Activity.
Could you reproduce every entry that follows, exactly as shown?

(Records excerpted from a collection)
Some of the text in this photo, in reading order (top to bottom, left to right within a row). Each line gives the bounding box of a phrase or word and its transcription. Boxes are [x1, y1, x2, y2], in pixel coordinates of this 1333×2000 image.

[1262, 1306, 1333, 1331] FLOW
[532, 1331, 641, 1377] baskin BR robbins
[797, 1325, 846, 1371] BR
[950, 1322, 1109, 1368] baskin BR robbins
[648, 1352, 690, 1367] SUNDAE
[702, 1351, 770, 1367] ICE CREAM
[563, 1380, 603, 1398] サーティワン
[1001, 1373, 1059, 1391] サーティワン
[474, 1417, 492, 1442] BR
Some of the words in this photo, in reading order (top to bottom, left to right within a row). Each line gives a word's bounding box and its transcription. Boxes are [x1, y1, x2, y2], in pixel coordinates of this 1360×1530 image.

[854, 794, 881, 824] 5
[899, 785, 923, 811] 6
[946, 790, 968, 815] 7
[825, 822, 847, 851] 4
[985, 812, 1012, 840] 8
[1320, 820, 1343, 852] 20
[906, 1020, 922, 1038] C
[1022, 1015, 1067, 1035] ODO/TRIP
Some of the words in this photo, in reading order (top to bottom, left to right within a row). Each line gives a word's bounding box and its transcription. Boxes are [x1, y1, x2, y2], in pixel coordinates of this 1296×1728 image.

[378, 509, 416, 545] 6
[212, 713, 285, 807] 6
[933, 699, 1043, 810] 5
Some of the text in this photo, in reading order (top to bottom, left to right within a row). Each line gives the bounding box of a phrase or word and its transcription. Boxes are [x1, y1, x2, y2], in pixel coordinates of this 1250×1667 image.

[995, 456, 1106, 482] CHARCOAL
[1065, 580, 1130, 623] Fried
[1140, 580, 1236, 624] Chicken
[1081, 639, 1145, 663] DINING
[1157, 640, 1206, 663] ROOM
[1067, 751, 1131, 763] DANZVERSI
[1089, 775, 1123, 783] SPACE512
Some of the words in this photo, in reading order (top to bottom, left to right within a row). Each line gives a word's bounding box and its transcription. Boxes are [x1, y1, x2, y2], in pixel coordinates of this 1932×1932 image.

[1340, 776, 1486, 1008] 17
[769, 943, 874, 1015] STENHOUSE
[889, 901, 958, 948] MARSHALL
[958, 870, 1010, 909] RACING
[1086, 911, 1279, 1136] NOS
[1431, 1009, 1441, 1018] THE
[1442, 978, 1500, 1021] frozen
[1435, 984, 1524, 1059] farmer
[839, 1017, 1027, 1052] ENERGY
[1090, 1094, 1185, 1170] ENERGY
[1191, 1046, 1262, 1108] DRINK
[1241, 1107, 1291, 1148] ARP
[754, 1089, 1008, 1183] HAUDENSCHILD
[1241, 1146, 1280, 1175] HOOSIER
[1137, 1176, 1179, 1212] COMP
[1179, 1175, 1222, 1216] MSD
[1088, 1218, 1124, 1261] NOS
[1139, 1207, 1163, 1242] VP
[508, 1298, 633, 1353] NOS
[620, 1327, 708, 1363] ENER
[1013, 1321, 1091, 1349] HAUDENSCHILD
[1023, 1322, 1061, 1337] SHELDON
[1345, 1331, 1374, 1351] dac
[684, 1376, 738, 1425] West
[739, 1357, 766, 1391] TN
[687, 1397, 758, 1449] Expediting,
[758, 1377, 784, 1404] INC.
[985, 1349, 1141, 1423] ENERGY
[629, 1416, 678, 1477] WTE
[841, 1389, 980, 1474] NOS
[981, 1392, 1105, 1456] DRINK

Written solution.
Some of the text in this photo, in reading order (top to bottom, left to right within a row). Each line gives the bounding box of a phrase or word and its transcription. Boxes are [x1, y1, x2, y2], in pixel coordinates of this 1333×2000 image.

[1262, 1306, 1333, 1331] FLOW
[532, 1331, 641, 1377] baskin BR robbins
[797, 1325, 846, 1371] BR
[950, 1322, 1109, 1368] baskin BR robbins
[648, 1352, 690, 1367] SUNDAE
[702, 1351, 770, 1367] ICE CREAM
[563, 1380, 603, 1398] サーティワン
[1001, 1373, 1059, 1391] サーティワン
[474, 1417, 492, 1442] BR
Some of the words in this photo, in reading order (top to bottom, left to right within a row). Each line gives a word's bounding box and its transcription. Boxes are [x1, y1, x2, y2], in pixel coordinates of this 1360×1530 image.

[854, 794, 881, 824] 5
[899, 785, 923, 811] 6
[946, 790, 968, 815] 7
[825, 822, 847, 851] 4
[985, 812, 1012, 840] 8
[1320, 820, 1343, 852] 20
[906, 1020, 922, 1038] C
[1022, 1015, 1067, 1035] ODO/TRIP
Some of the words in this photo, in reading order (top to bottom, left to right within a row). Each line gives a word's bounding box and its transcription. Boxes are [x1, y1, x2, y2], in pixel coordinates of this 1296×1728 image.

[378, 509, 416, 545] 6
[212, 713, 285, 807] 6
[933, 699, 1043, 810] 5
Some of the text in this photo, in reading order (top to bottom, left to right within a row). Each line gives the bounding box of a phrase or word and its transcription. Boxes are [x1, y1, x2, y2], in pixel coordinates of this 1250×1667 image.

[995, 456, 1106, 482] CHARCOAL
[1065, 580, 1130, 623] Fried
[1140, 580, 1236, 624] Chicken
[1081, 639, 1145, 663] DINING
[1157, 640, 1206, 663] ROOM
[1067, 751, 1131, 763] DANZVERSI
[1089, 775, 1123, 783] SPACE512
Some of the words in this photo, in reading order (top to bottom, left to right within a row). Each line gives a word's bounding box and its transcription. Boxes are [x1, y1, x2, y2], in pixel coordinates of this 1932×1932 image.

[1340, 776, 1486, 1008] 17
[769, 943, 874, 1015] STENHOUSE
[889, 901, 958, 948] MARSHALL
[958, 870, 1010, 909] RACING
[1086, 911, 1279, 1136] NOS
[1431, 1009, 1441, 1018] THE
[1442, 978, 1500, 1021] frozen
[1435, 984, 1524, 1059] farmer
[839, 1017, 1027, 1052] ENERGY
[1090, 1094, 1185, 1170] ENERGY
[1191, 1046, 1262, 1108] DRINK
[1241, 1107, 1291, 1148] ARP
[754, 1089, 1008, 1183] HAUDENSCHILD
[1241, 1146, 1280, 1175] HOOSIER
[1137, 1176, 1179, 1212] COMP
[1179, 1175, 1222, 1216] MSD
[1088, 1218, 1124, 1261] NOS
[1139, 1207, 1163, 1242] VP
[508, 1298, 633, 1353] NOS
[620, 1327, 708, 1363] ENER
[1013, 1321, 1091, 1349] HAUDENSCHILD
[1023, 1322, 1061, 1337] SHELDON
[1345, 1331, 1374, 1351] dac
[684, 1376, 738, 1425] West
[739, 1357, 766, 1391] TN
[687, 1397, 758, 1449] Expediting,
[758, 1377, 784, 1404] INC.
[985, 1349, 1141, 1423] ENERGY
[629, 1416, 678, 1477] WTE
[841, 1389, 980, 1474] NOS
[981, 1392, 1105, 1456] DRINK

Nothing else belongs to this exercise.